Your EMS students have two big hurdles ahead of them: passing the NREMT and becoming a confident, competent provider. The same set of critical thinking skills is needed for both – and it’s up to you as their educator to develop their thinking skills.
We’ve used the baseball analogy in the past to describe EMS education. In the middle you have the cork, representing knowledge. The twine wrapped around that represents skills. The fine leather cover sewn over those things represents application and critical thinking. This last layer is what holds everything else together and makes it functional.
How to Teach Thinking Skills in EMS
1. Match the Way You to Teach to the Expectations You Have
As Dan likes to say: I can teach you, but I can’t learn you. In other words, not all teaching equates to students learning. When deciding what content/skills to teach and which teaching methods to use, go for what is best for student learning.
This might be hard if you’re used to trotting out the same lesson plans year after year. Examine (and maybe change) your mindset, methods and message for student learning. You can always reference the textbook to help you define objectives for each section.
A few tips:
- Focus on effectiveness, not on time.
- Embrace the word “maybe.” Be honest with students that not everything is clear-cut.
- Encourage thinking over memorization.
Students should know why they’re learning what they’re learning. Look at the concept of moist vs dry skin, and all the things those signs can mean. When students encounter “sudden onset moist skin,” they should immediately know that’s important. It’s one thing to learn about sweaty skin and another thing to recognize it as a key indicator of a problem. Make sure they get the why early on.
2. Teach Application
Knowledge comes from textbooks and presentations, but understanding comes from discussion and activities.
Students won’t be prepared to answer Registry-style “you should” if most of their learning is memorization-based. Students have to learn how to apply their knowledge. Group activities and learning exercises test their ability to apply and give them practice.
It’s much easier to teach application in a flipped classroom setup – hopefully you are familiar with the concept by now. Textbook reading and exercises are done out of class. Teaching time covers highlights of the textbook, but it’s mostly spent in discussion talking about what they learned and how to apply it. (And if students don’t do the homework, they fail. It’s a simple system.)
Here’s an example of how to turn memorization-based questions into application questions. Students have to have the basic knowledge to get the first part of the question right, but then they have to apply that knowledge point by explaining why they should choose one course of action over another.
3. Provide Opportunities for Thinking & Problem Solving
When we talk about the concepts of thinking and problem solving, we look for students’ ability to value, prioritize, and differentiate. Traditional lectures and labs don’t provide these opportunities.

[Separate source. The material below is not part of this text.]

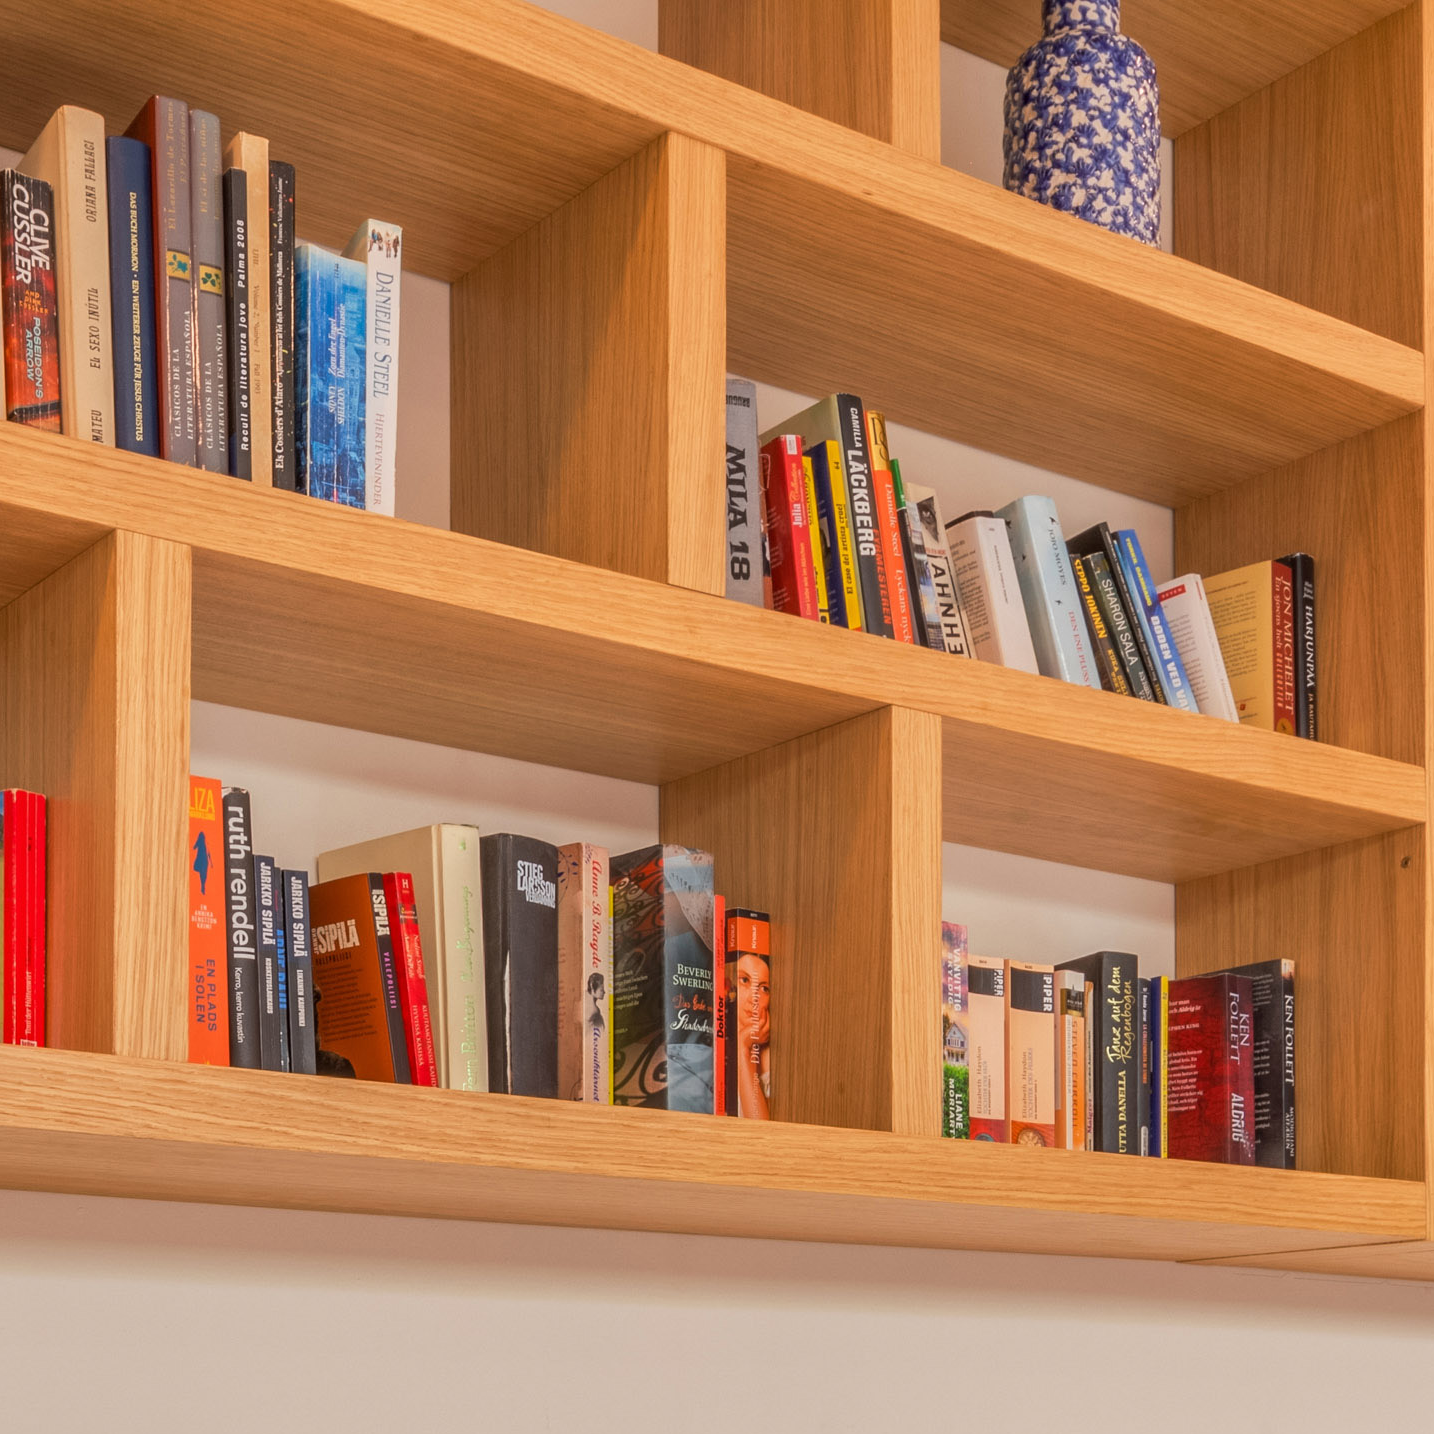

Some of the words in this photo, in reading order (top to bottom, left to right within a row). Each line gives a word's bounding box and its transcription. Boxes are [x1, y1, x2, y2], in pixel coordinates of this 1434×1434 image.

Can your students value and differentiate signs and symptoms?
What should be valued in this question? The smoking history, if overvalued, can lead to picking the incorrect answer (A or C). Focusing on “bad lung sounds” instead of paying attention to the type and location of those sounds, can also lead them astray. Valuing the more relevant information (chest pain, crackles in lower lobes) leads to the correct response – D, myocardial infarction.

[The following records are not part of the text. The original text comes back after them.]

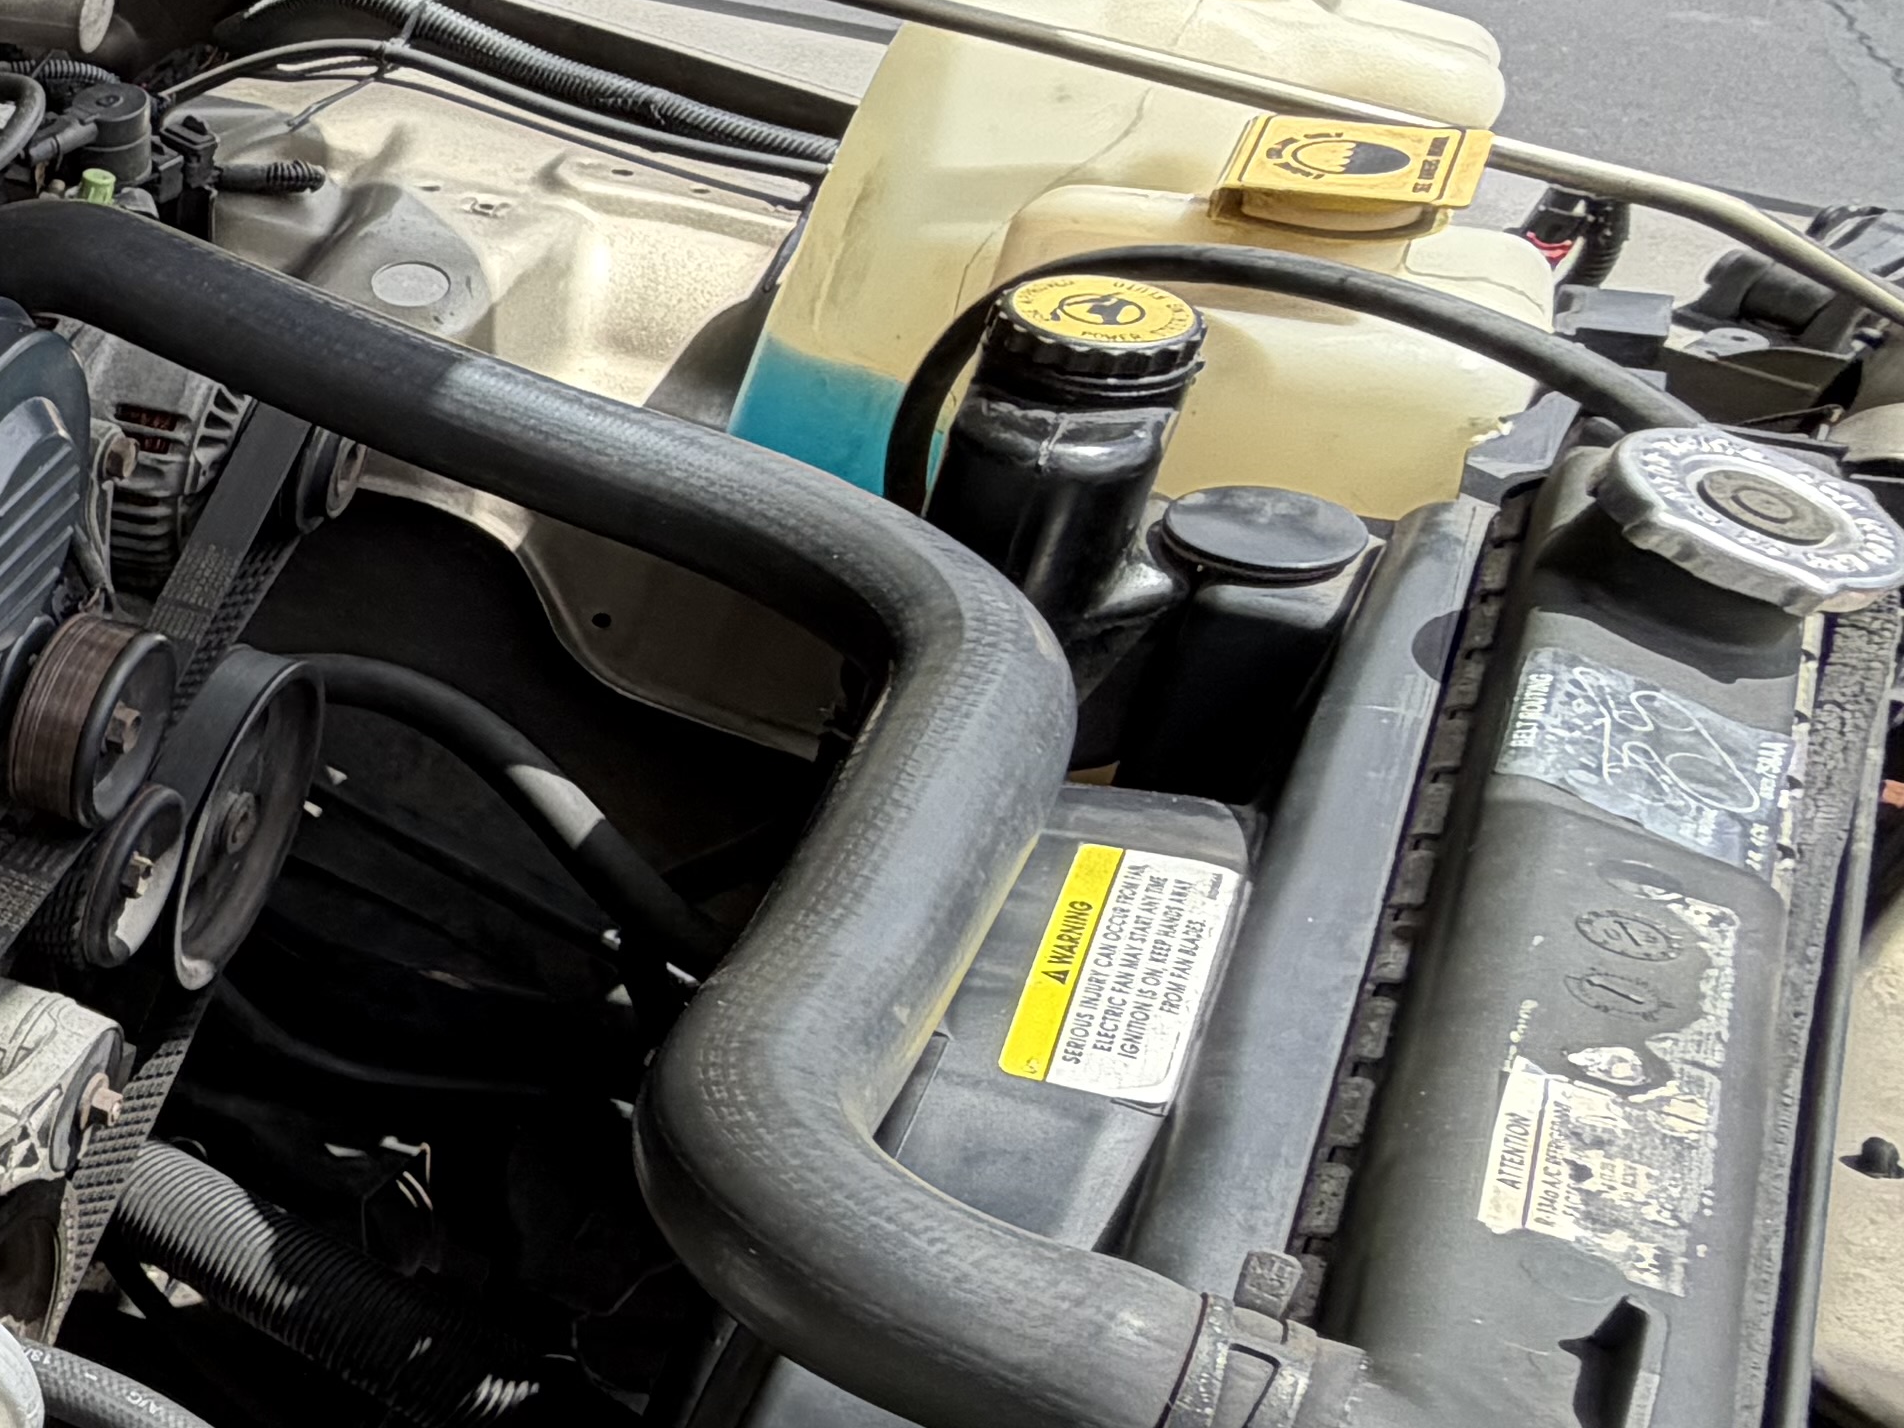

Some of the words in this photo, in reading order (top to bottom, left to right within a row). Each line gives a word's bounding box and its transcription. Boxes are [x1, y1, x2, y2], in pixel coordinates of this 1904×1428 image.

[1081, 330, 1141, 342] POWER
[1516, 668, 1554, 723] ROUTING
[1508, 718, 1540, 749] BELT
[1115, 880, 1140, 905] FROM
[1144, 875, 1168, 895] TIME
[1166, 878, 1193, 904] AWAY
[1137, 894, 1162, 914] ANY
[1046, 898, 1094, 968] WARNING
[1102, 905, 1131, 942] OCCUR
[1127, 914, 1154, 943] START
[1156, 904, 1184, 938] HANDS
[1093, 941, 1119, 969] CAN
[1119, 943, 1145, 970] MAY
[1147, 938, 1174, 965] KEEP
[1169, 956, 1194, 980] FAN
[1078, 968, 1110, 1010] INJURY
[1110, 970, 1136, 995] FAN
[1135, 987, 1158, 1000] IS
[1158, 980, 1187, 1014] FROM
[1059, 1010, 1096, 1064] SERIOUS
[1090, 995, 1128, 1053] ELECTRIC
[1115, 1000, 1154, 1060] IGNITION
[1495, 1110, 1531, 1190] ATTENTION
[1540, 1164, 1564, 1190] A/C

Useful activities here are those that ask students to make decisions about the patient’s condition and what to do about it. For example, our Cardiology & Respiratory dynamic learning exercise helps students focus their assessment efforts by identifying which details to value and prioritize. In addition to strengthening assessment skills, this leads the way to making well-informed differential diagnoses.
4. Build a Practice Mindset
By the time final exam season rolls around, students should have had a semester full of challenging exams and a variety of scenarios that allow them to put their knowledge together and apply it to the street.
Recommended resources include:
- Case studies. (We have a few on our website.)
- Application-based scenarios. (See our dynamic learning exercises.)
- Quality exam prep that involves reading, understanding, and applying. (Get tips for improving class exams.)
It shouldn’t be controversial to say that what students need to know for the street is the same as what they need to know for the NREMT. Identify the content and skills that will make them successful on both, and build that into your curriculum so they’re ready for the real world at the end of the semester.
And One More Thing…
Your students need to build mojo – i.e., the confidence and can-do attitude they need to pass the exam and make decisions for real patients. As they learn, remind them that they’re going to be good providers. When they struggle, show them that the tough stuff pays off once they learn to put the pieces together.